立命館大・坂本裕哉(撮影・西尾典文)

【ドラフト総括】DeNA、予想外の戦略も「上位指名」に疑問が残る

 10月17日に行われたプロ野球ドラフト会議。佐々木朗希(大船渡)に4球団、奥川恭伸(星稜)と石川昂弥(東邦)に3球団が1位指名するなど、今年も高校生に人気が集中する結果となった。今回からは各球団の指名について、選手を紹介しながら総括していきたい。今日はセ・リーグ2位のDeNAだ。

■DeNA指名選手

1位 森敬斗(桐蔭学園・内野手)

2位 坂本裕哉(立命館大・投手)

3位 伊勢大夢(明治大・投手)

4位 東妻純平(智弁和歌山・捕手)

5位 田部隼人(開星・内野手)

6位 蝦名達夫(青森大・外野手)

7位 浅田将太(有明・投手)

 大方の予想を裏切り、高校生ショートの森を1位で指名した。
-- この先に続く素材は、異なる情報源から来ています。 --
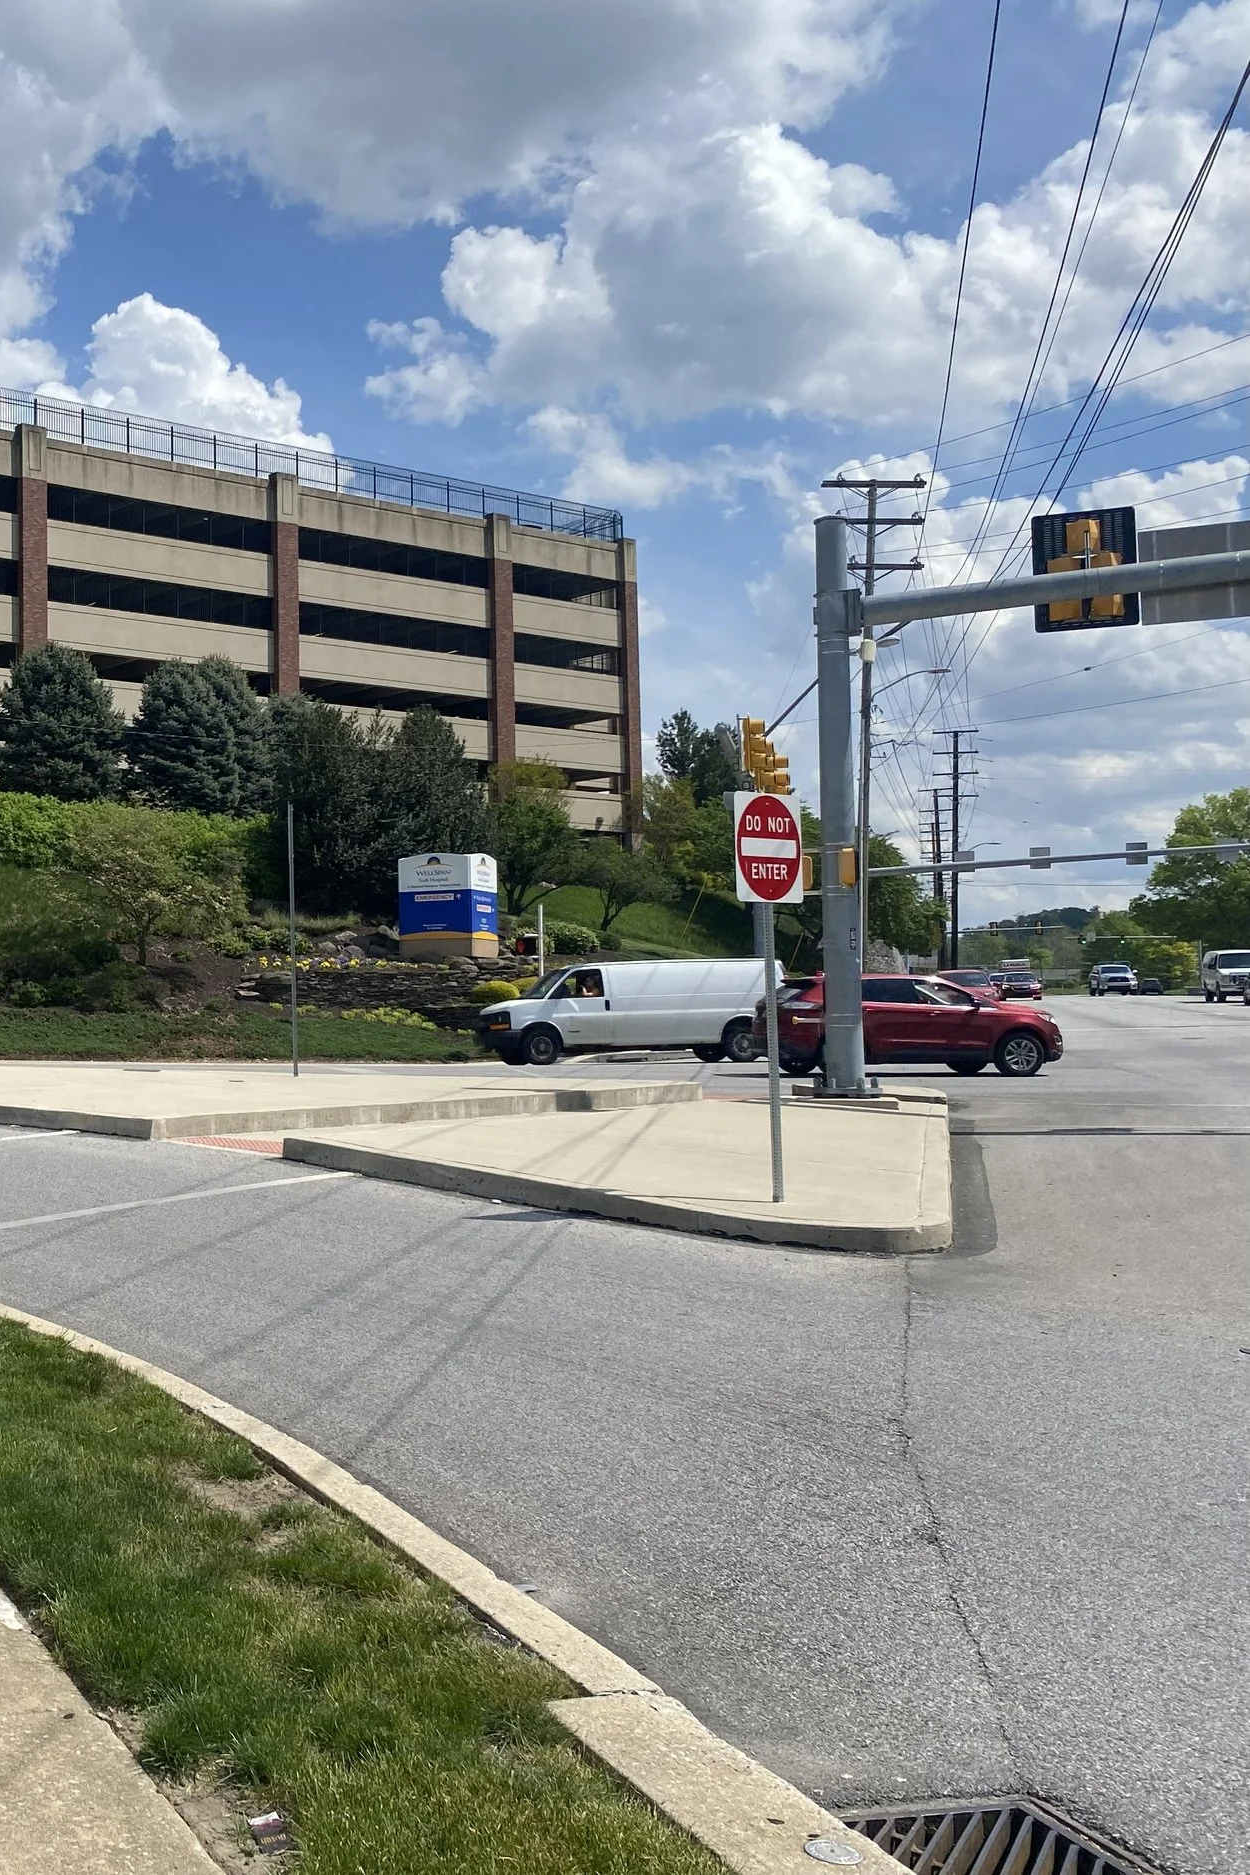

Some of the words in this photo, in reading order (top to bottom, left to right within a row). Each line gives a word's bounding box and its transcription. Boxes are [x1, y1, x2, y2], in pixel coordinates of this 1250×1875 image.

[745, 815, 761, 831] DO
[768, 816, 791, 834] NOT
[751, 863, 788, 880] ENTER
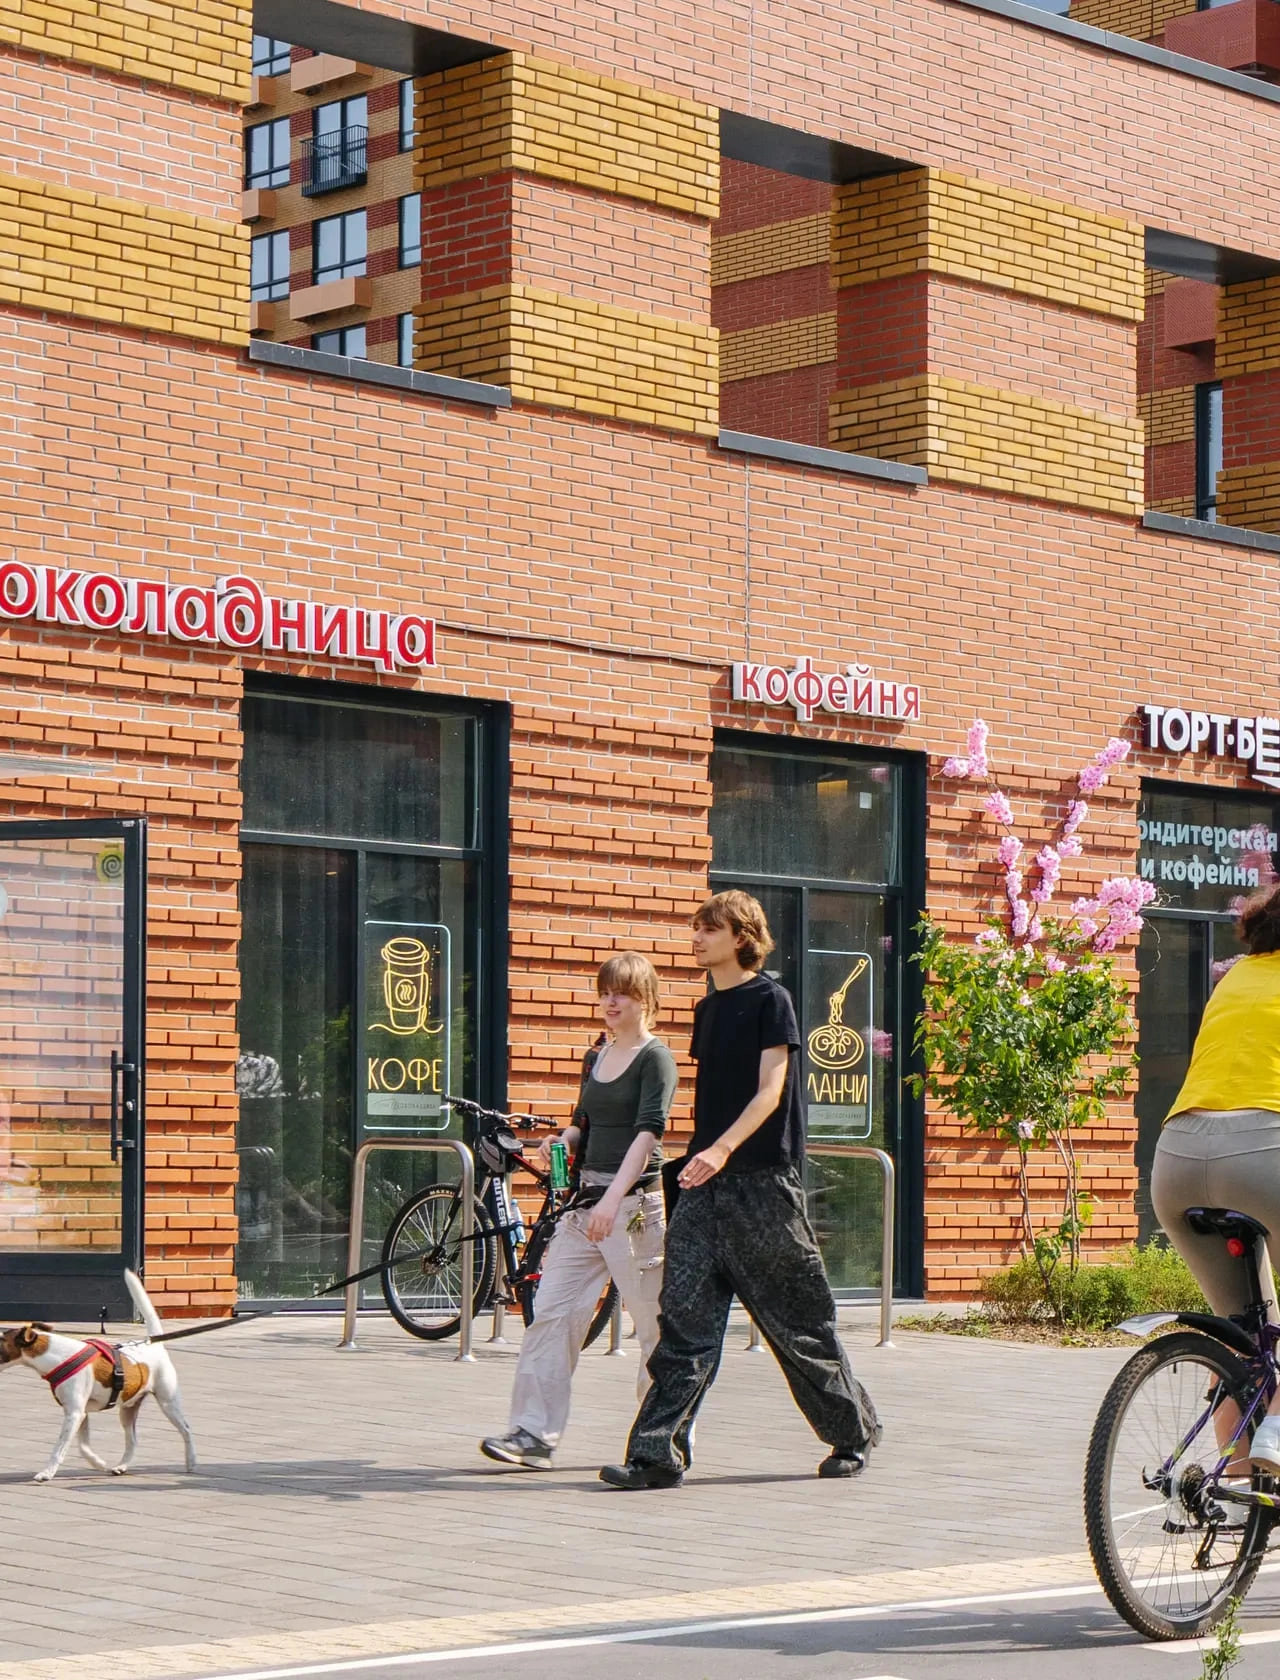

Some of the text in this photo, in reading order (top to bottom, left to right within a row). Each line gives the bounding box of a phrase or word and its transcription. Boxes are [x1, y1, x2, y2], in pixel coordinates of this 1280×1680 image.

[734, 656, 921, 722] кофейня
[1141, 854, 1260, 890] и кофейня
[368, 1057, 443, 1092] КОФЕ
[808, 1072, 868, 1104] ЛАНЧИ
[493, 1176, 508, 1228] OUTLEA
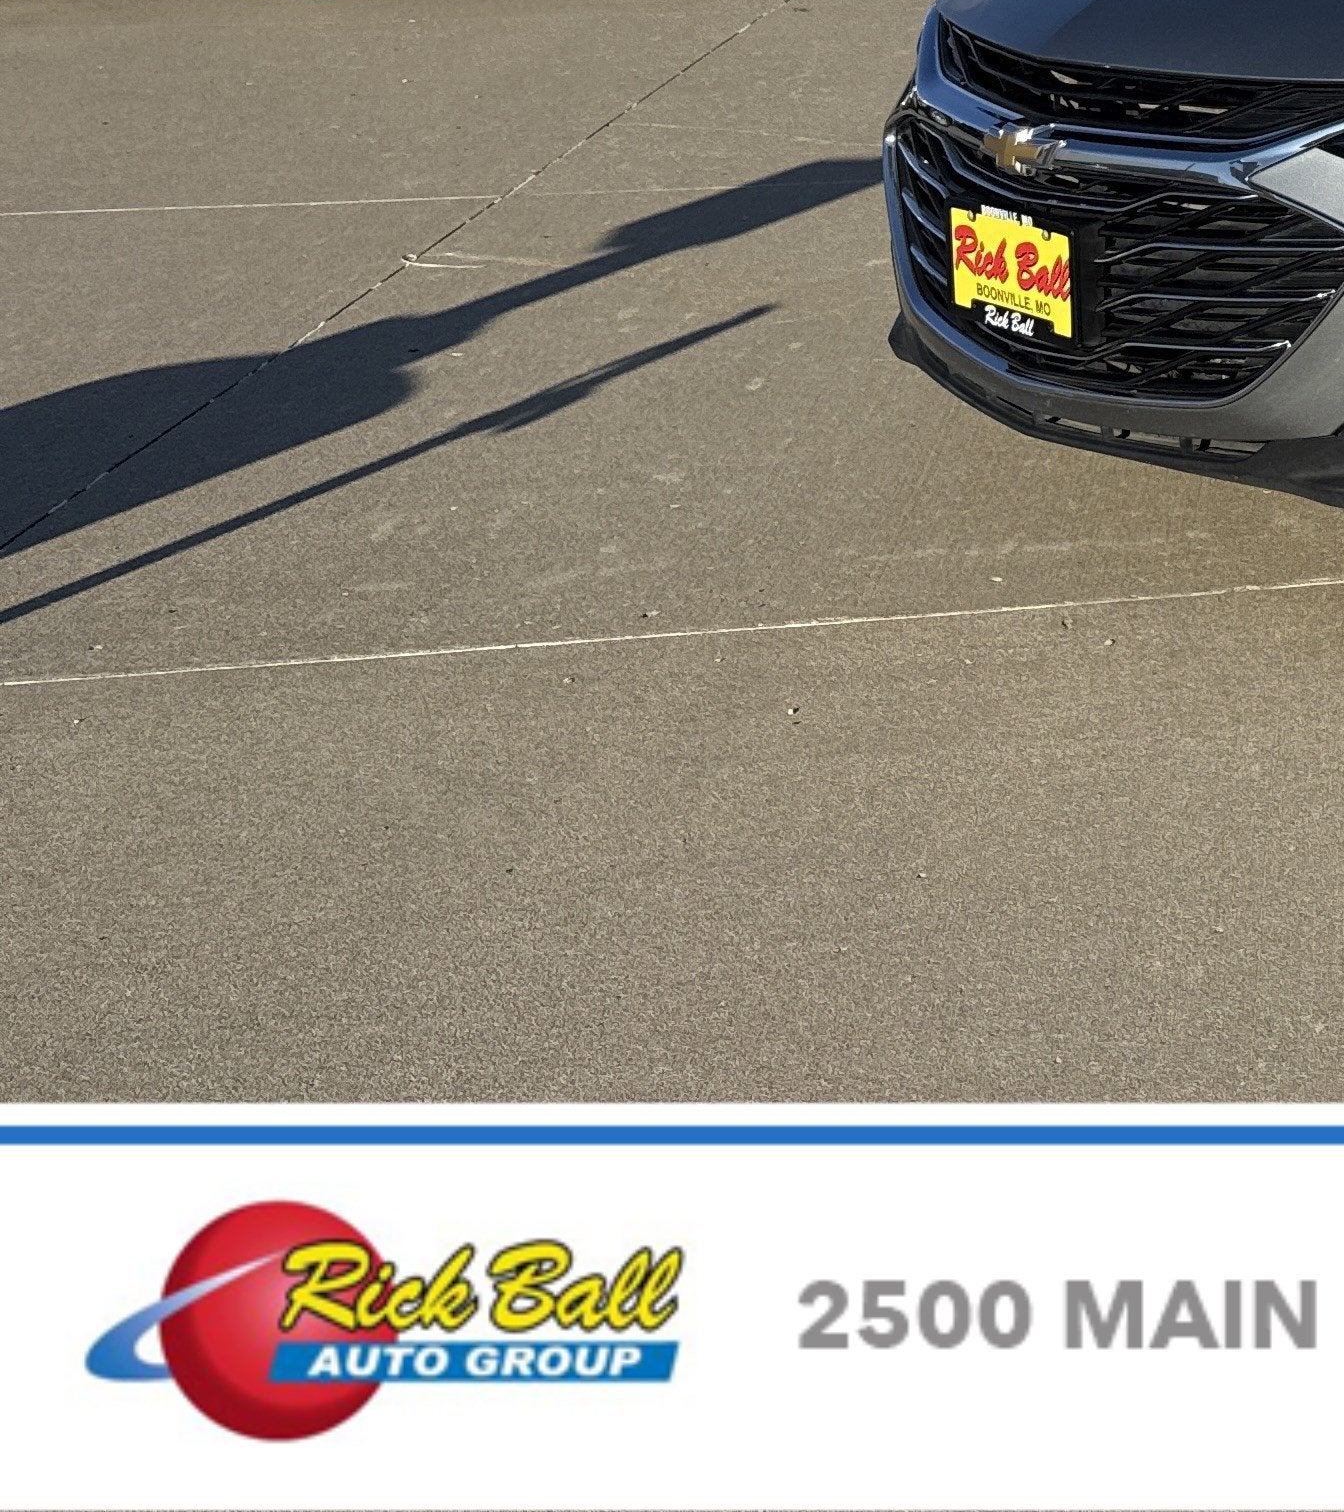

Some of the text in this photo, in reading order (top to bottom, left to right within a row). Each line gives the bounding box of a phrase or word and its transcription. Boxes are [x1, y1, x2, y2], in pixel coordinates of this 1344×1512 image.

[954, 225, 1071, 302] Rick Ball
[976, 282, 1051, 317] BOONVILLE, MO
[984, 304, 1035, 337] Rick Ball
昨年、小園海斗(報徳学園→広島)を1位で指名したが抽選で外し、大学生投手の上茶谷大河に方針転換しているが、今年はどうしても二遊間の選手が欲しかったということだろう。しかし、森は 、小園と比べると全てにおいてスケールが小さく、1位でどうしても確保したかった素材かというと少し疑問が残る。また、2位の坂本も近年多い大学生サウスポー。成功法則に沿った指名といえなくもないが、今年の坂本のピッチングを見る限り、この順位に相応しいようには思えない。3位の伊勢も同様だ。上位3人がいずれも一つずつ順位が下であれば違和感はだいぶ薄れるが、この一つの順位の違いは決して小さいものではないだろう。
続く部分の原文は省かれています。